▶ **Listed entries**
========================

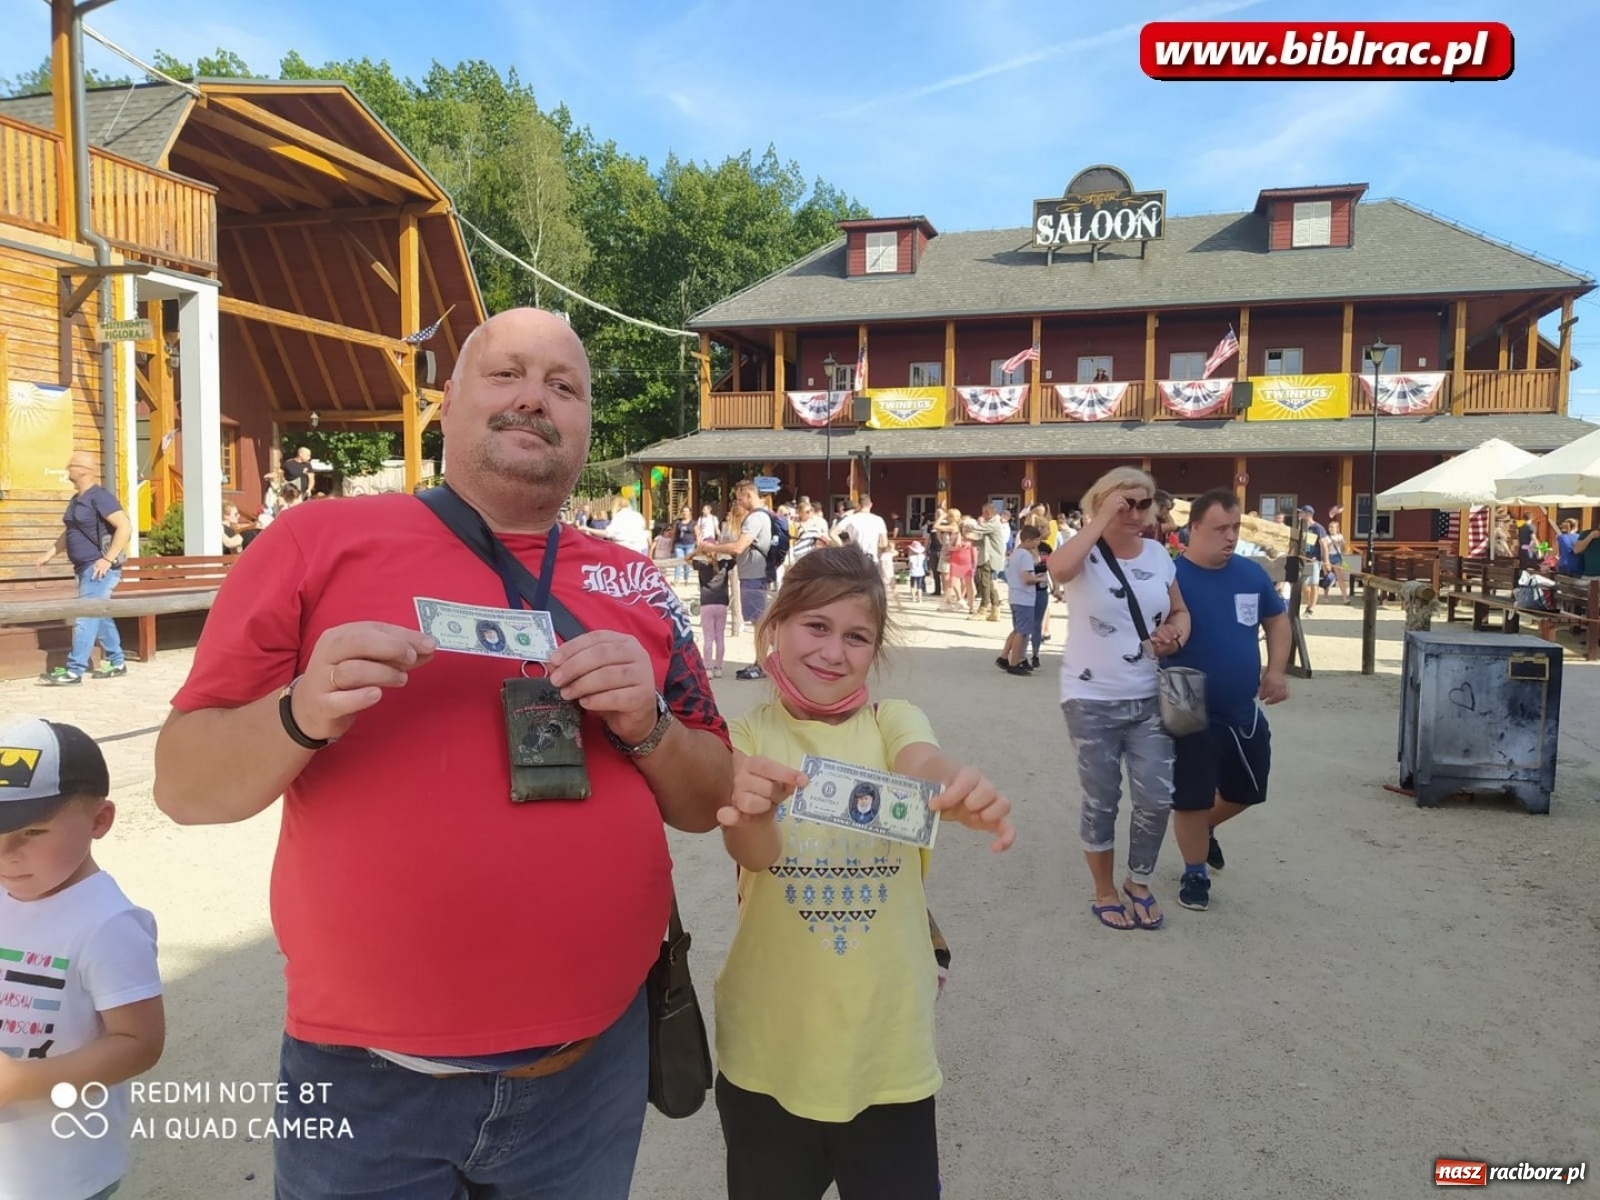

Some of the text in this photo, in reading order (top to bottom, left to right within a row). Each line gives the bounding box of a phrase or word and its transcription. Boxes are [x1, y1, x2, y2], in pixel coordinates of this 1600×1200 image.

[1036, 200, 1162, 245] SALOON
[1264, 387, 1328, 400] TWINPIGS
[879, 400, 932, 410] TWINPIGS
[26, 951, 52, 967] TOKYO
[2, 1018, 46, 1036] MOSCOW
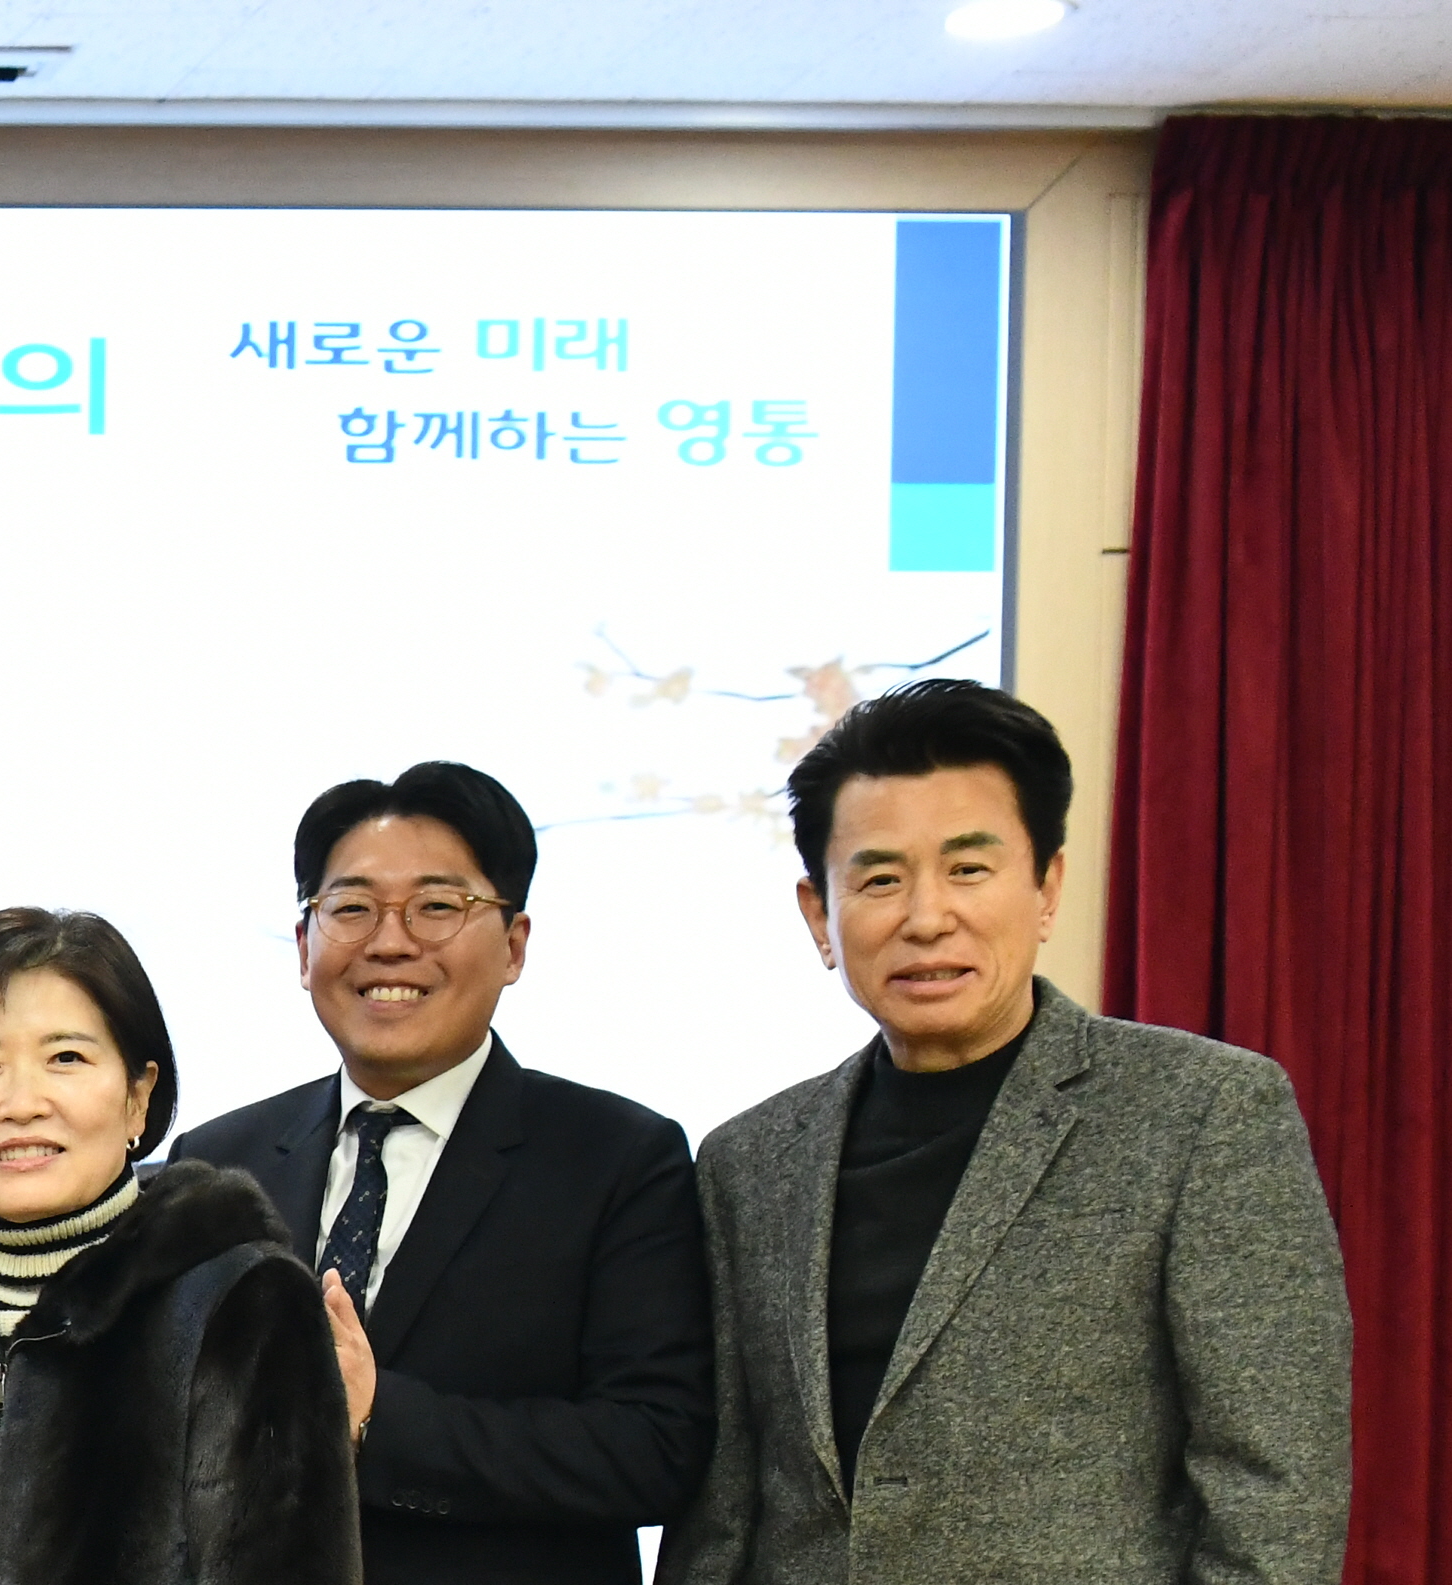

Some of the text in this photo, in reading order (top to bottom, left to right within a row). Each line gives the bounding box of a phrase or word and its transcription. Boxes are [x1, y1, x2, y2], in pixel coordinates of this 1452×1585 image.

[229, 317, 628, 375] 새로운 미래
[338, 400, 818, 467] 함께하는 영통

========================

Reproduce exactly the line containing "this 1452×1585 image." and every line after it through the end of the records above, and nothing else.

Some of the text in this photo, in reading order (top to bottom, left to right within a row). Each line gives the bounding box of a phrase or word and its transcription. Boxes are [x1, y1, x2, y2], in pixel coordinates of this 1452×1585 image.

[229, 317, 628, 375] 새로운 미래
[338, 400, 818, 467] 함께하는 영통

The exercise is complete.